The fact is, there’s just too many advantages offered by the online
retail model for it not to be adopted. And, for the consumer, the single
biggest advantage is that it’s a much more efficient business model.
Someday, when corporate masterminds finally figure out that cheaper
prices appeal to consumers, this efficient business model will translate
into significantly lower prices for the end user. And when that happens,
watch e-tailing numbers spiral into the stratosphere. We’ll be buying
online, big time, and our society will finally step over the threshold
into a digital and sociological revolution that will be unlike anything
we’ve ever experienced.
Creatures of Habit
As we said in a previous
NetProfit, it wasn’t the Internet itself that was flawed and caused
the demise of the dot-gones.

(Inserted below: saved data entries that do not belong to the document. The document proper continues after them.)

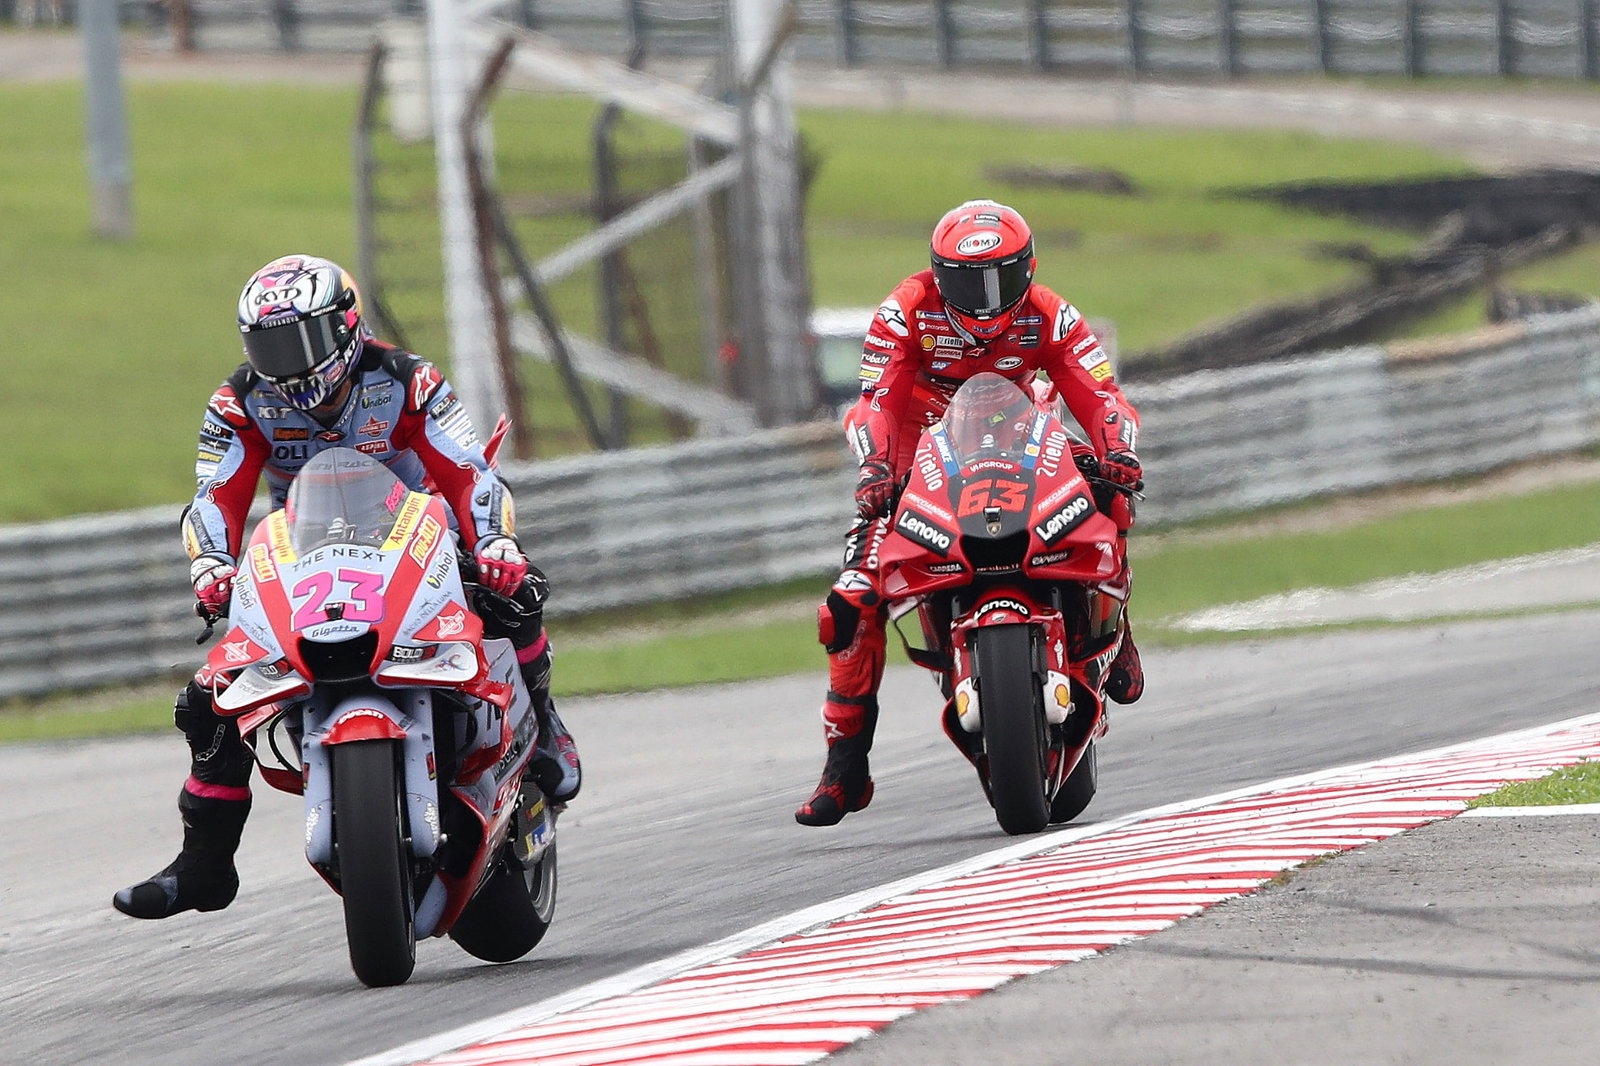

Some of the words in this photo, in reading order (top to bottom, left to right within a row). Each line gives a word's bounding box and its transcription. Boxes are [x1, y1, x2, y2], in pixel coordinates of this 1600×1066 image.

[961, 237, 998, 250] SUOMY
[865, 334, 896, 350] DUCATI
[931, 361, 947, 370] SAP
[273, 444, 309, 460] OLI
[957, 479, 1030, 518] 63
[390, 496, 421, 545] Antangin
[898, 510, 950, 550] Lenovo
[1035, 496, 1089, 542] Lenovo
[293, 553, 325, 572] THE
[332, 547, 387, 562] NEXT
[427, 552, 454, 590] Unibat
[235, 574, 255, 611] Unibat
[291, 568, 385, 632] 23
[974, 600, 1029, 620] Lenovo
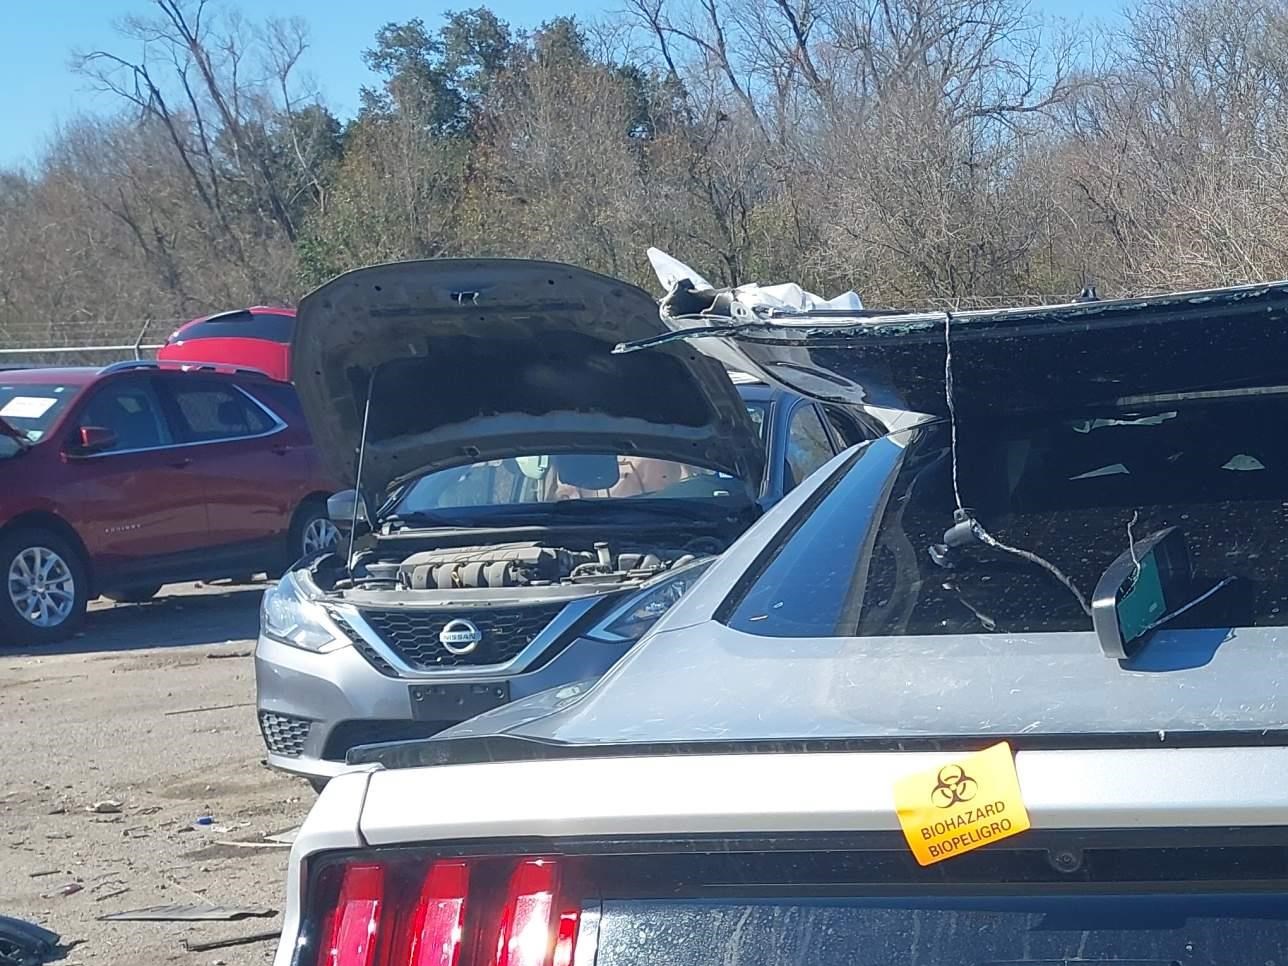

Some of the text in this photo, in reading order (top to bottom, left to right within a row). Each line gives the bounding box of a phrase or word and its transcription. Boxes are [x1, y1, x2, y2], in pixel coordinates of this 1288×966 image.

[443, 633, 476, 641] NISSAN
[920, 800, 1006, 841] BIOHAZARD
[928, 818, 1012, 858] BIOPELIGRO

The beating that the online retail sector
received was primarily due to two factors. First, the business models of
many of these online businesses were just not based on sound profit
based principles. Secondly, humans do not progress as quickly as
technology. It takes us a while to move our lumbering psyches in the
direction of the newest technofad.
We didn’t start using banking machines overnight. It’s been about 20
years since they were first introduced. The ubiquitous fax machine made
its first appearance about the same time. Today, both are considered
absolute necessities. We couldn’t do without them. But we had to get
used to them in our own good time. Don’t expect anything different with
the Internet.
Look at the adoption of e-mail. This was probably the first introduction
most of us had to the Internet. I received my first e-mail address about
8 or 9 years ago with CompuServe. I didn’t even use it for the first 2
years, largely because I didn’t have anyone to e-mail too. About 4 years
ago, I started using e-mail occasionally, and was usually surprised when
someone e-mailed me back. Today, it’s my primary source of
communication, and once I filter out the junk in my in-box, I’m left
with about 30 to 50 e-mails a day that are all important to me.
This duration of the technology adoption lag varies depending on the
individual, the amount of change required, and the nature of the change.

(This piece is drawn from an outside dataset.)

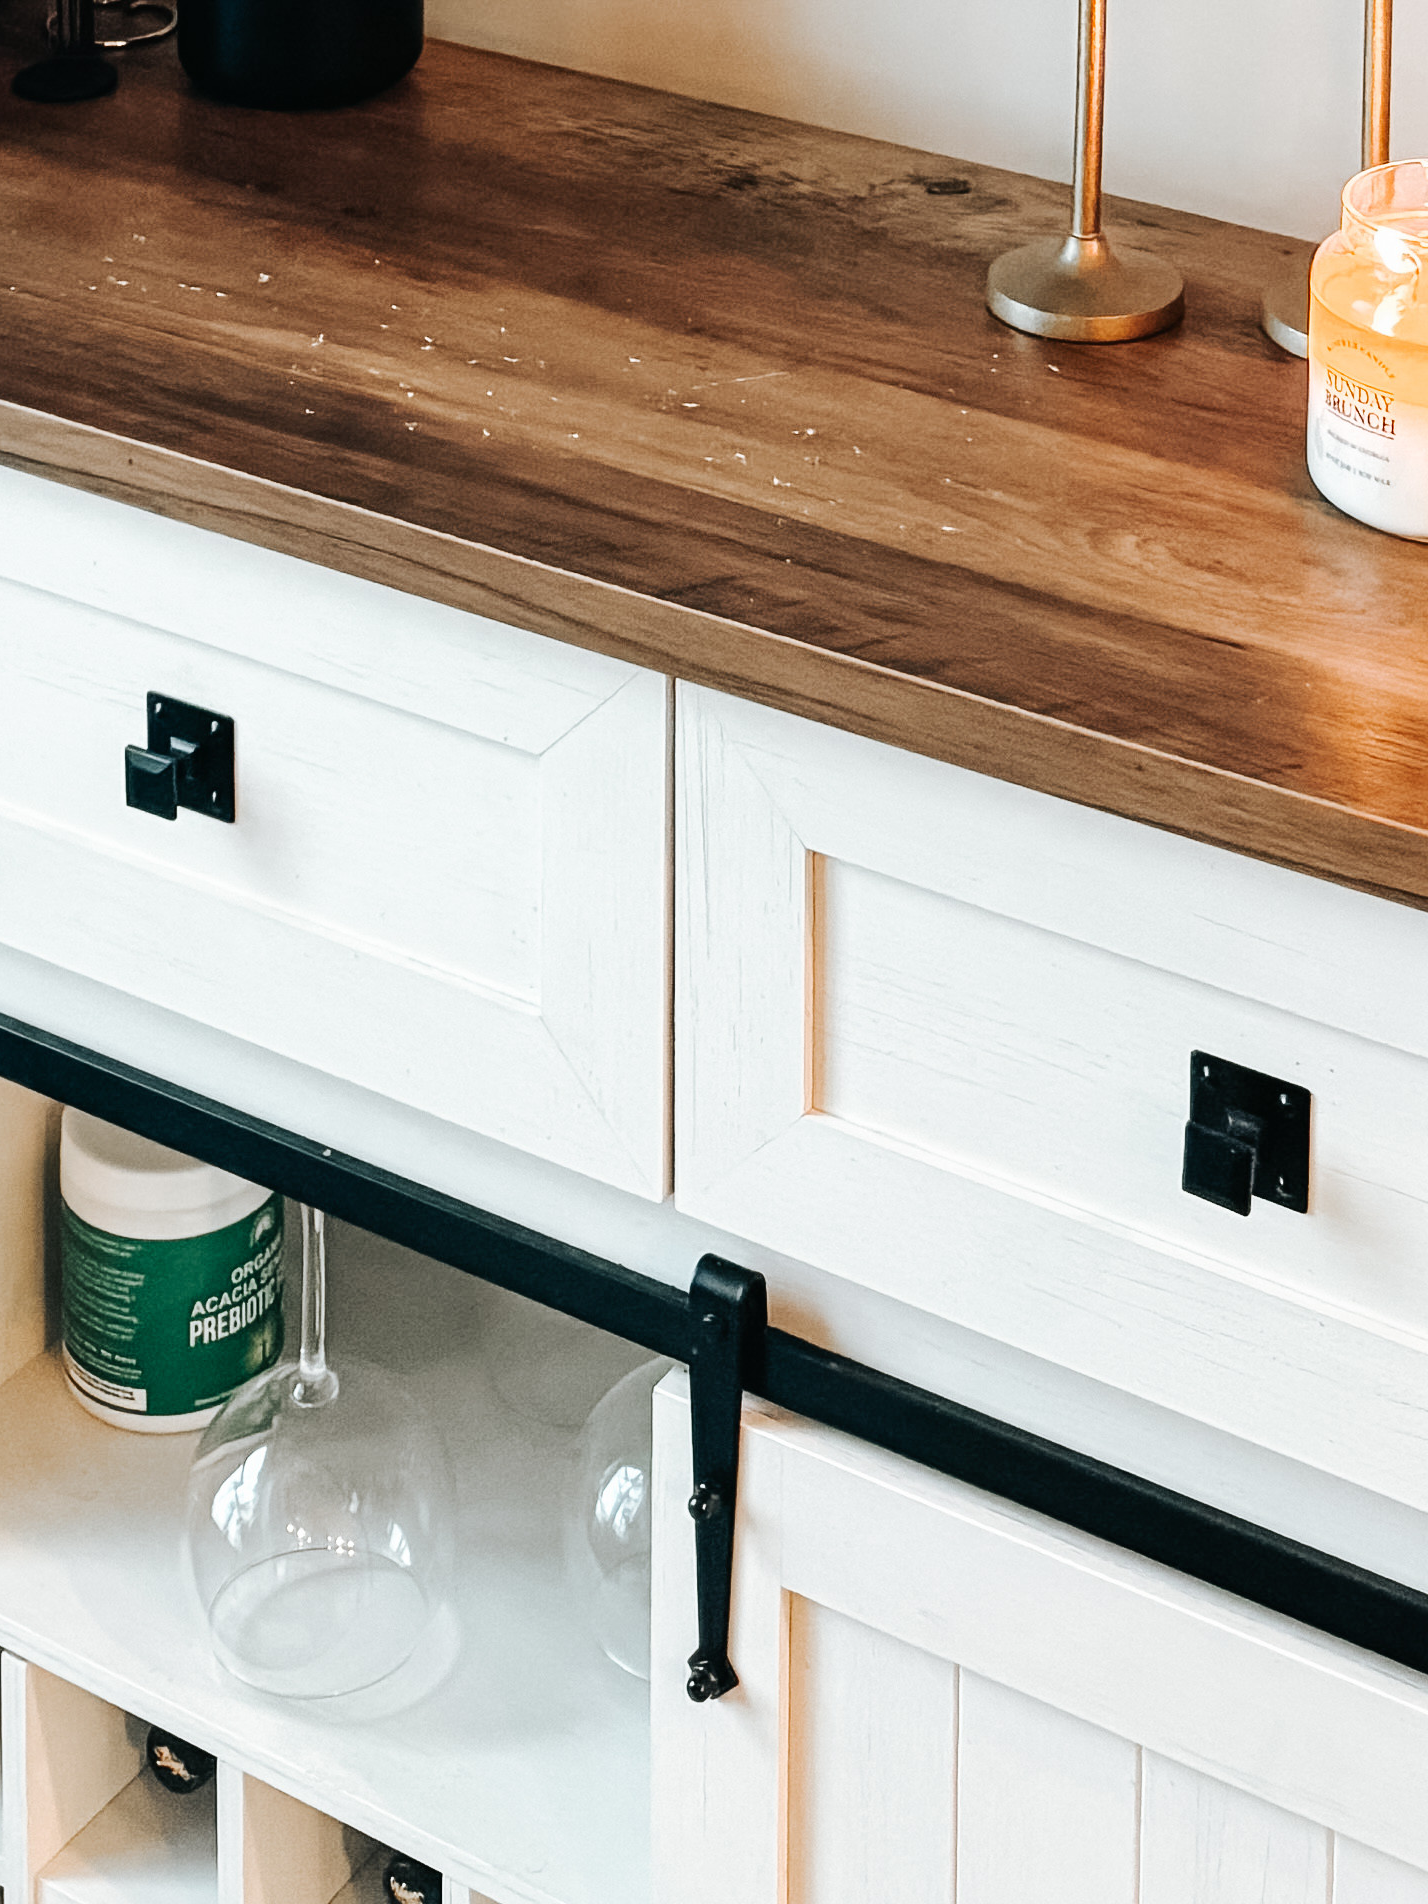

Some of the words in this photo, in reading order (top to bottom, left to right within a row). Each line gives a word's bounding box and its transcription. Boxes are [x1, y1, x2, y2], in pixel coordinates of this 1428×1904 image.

[1324, 388, 1397, 436] BRUNCH
[1325, 368, 1395, 413] SUNDAY
[188, 1277, 276, 1349] PREBIOTIC
[190, 1277, 259, 1319] ACACIA

The more profound the change, the more it affects other aspects of our
lives, the longer it will take us to adopt the change. I’d venture to
say that no other change in our lives will be as profound or far
reaching as the wholesale adoption of the internet as a communication
channel and tool in our personal and professional lives. For that
reason, don’t expect significant change overnight.
Why the Web will Prevail
With all of this said, however, there are just too many reasons why the
Web is the perfect place to do business for it not to be adopted en mass
by profit and efficiency driven business people.
Making The Dollar Stretch Further
First of all, the web is tremendously cost effective. It allows
businesses to access global markets yet centralize their resources in
one area. Web infrastructures can be streamlined for a relatively small
investment to allow integrated ordering, accounting, inventory, customer
service, shipping and tracking. A retail outlet doing significant sales
can reduce their overhead to a fraction of what would be required by a
bricks and mortar location doing the same. Maximum utilization of both
human and physical resources can be utilized.
No Shelves, No Lights, no Motor Cars..not a Single Luxury
It costs money to keep a retail location open. Rent, fixtures,
utilities, floor staff, it all adds up to significant costs. The more
exclusive the merchandise, the more glitz required to create the proper
“ambience”. On the web, the ambience is restricted to the available real
estate of your monitor. The business owner doesn’t have to worry about
solid brass clothing racks, terrazzo floors or leopard skin wall paper.
It’s much cheaper to design a professional looking website (with leopard
skin background images, if you really insist) and there’s no monthly
rent.
Freedom from Geographic Restraints
On the web, your head office can be literally anywhere. You can have
access to the entire world from Minot, North Dakota, Thirsk, U.K. or
Kwangju, South Korea. It doesn’t matter. You can choose to locate your
business based on where lease rates are cheap and qualified people
plentiful, because your market is just one click away, no matter where
you are. Run your online empire from a Barbados beach or a Banff ski
lodge if you want.
Direct to Consumer
Another advantage of the web is one that bucks an intricate retail
system that’s been decades in the making. The days of the retail
distribution chain are numbered, but that’s not stopping the current
stakeholders from fighting tooth and nail to save it from demise.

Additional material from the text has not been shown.